Posted by Alex Goldschmidt

Sprawl-Busters founder Al Norman broke this story on the Huffington Post over the weekend. Now, the Boston Herald examines Wal-Mart’s attempts to prevent Massachusetts from closing the tax loopholes the company is currently disputing in North Carolina. The company’s lobbying efforts show that Wal-Mart isn’t satisfied to just abide by the law: it takes an active role in shaping it. This is a big part of why some consider Wal-Mart to have an unfair advantage. If small businesses had even a fraction of the lobbying power Wal-Mart commands, the American economy would be much, much different.

Wal-Mart ups lobbying [Boston Herald]

Wal-Mart, while pushing to open more stores in Massachusetts, is also pumping more money into Beacon Hill lobbying.

The nation’s largest retailer has increased its spending on lobbyists in the state nearly five-fold since 2006, when it spent $43,220.

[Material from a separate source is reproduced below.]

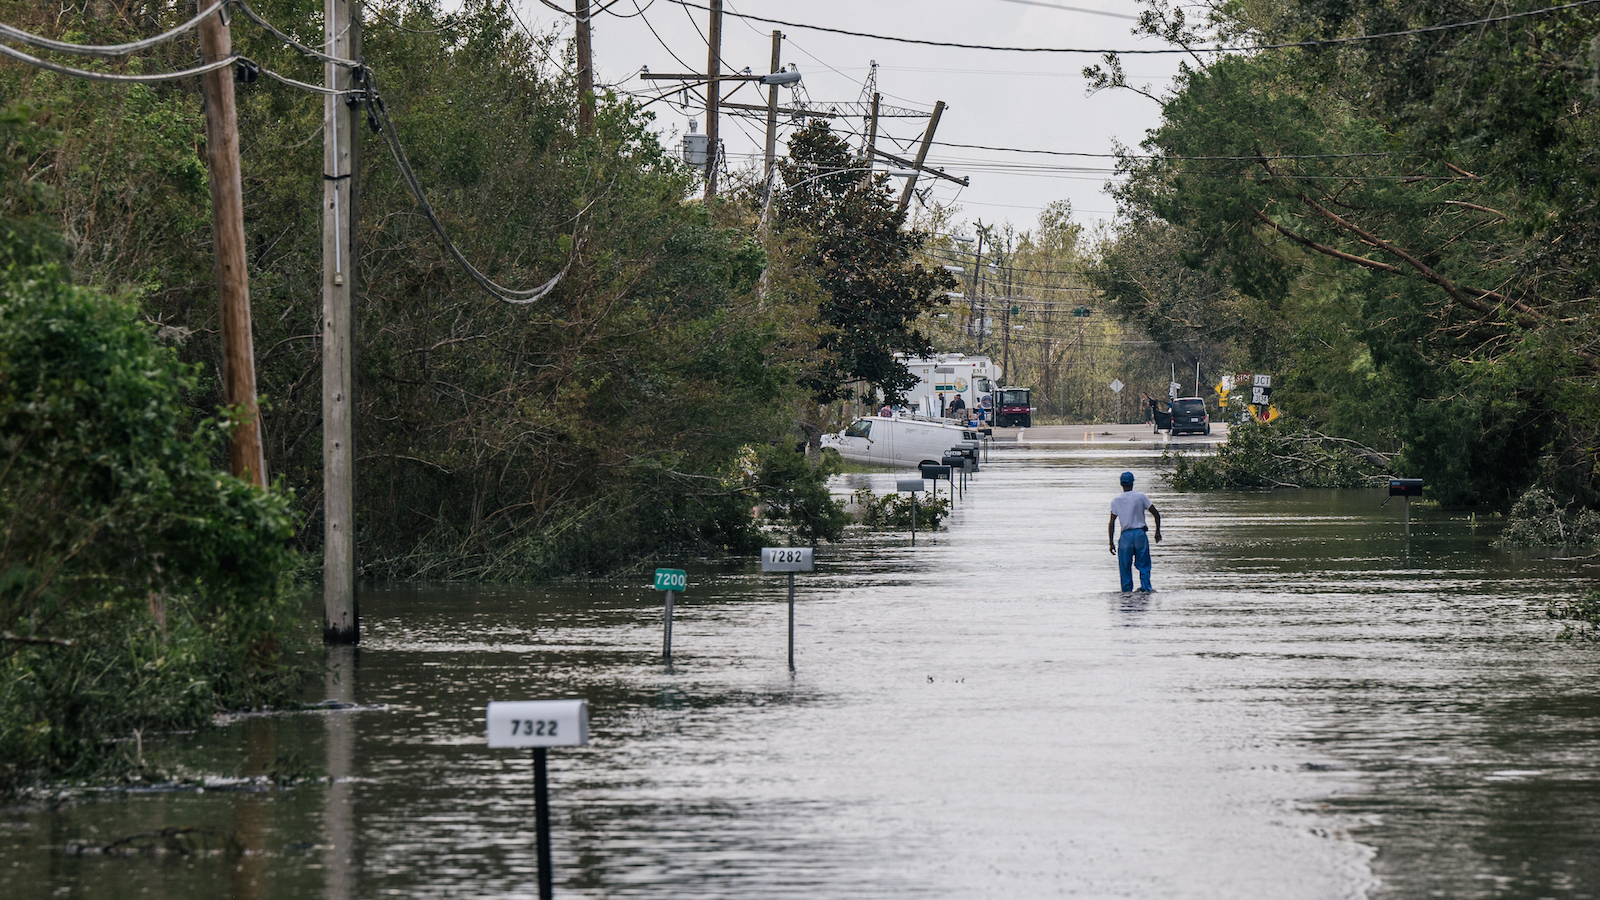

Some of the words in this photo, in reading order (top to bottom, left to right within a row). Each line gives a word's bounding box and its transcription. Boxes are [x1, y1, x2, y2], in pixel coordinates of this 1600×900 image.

[1255, 376, 1270, 384] JCT
[771, 550, 802, 563] 7282
[655, 572, 685, 586] 7200
[511, 720, 558, 736] 7322

Wal-Mart forked over $208,678 to a pair of firms last year, state records show.

The retailer’s State House drive comes as Gov. Deval Patrick pushes plans to plug corporate “tax loopholes” that allow companies to avoid some local taxes by shipping income out of state.

Wal-Mart finds itself at the center of that debate. The chain has stores across the country paying rent to a separate real estate investment trust controlled by company executives, The Wall Street Journal has reported.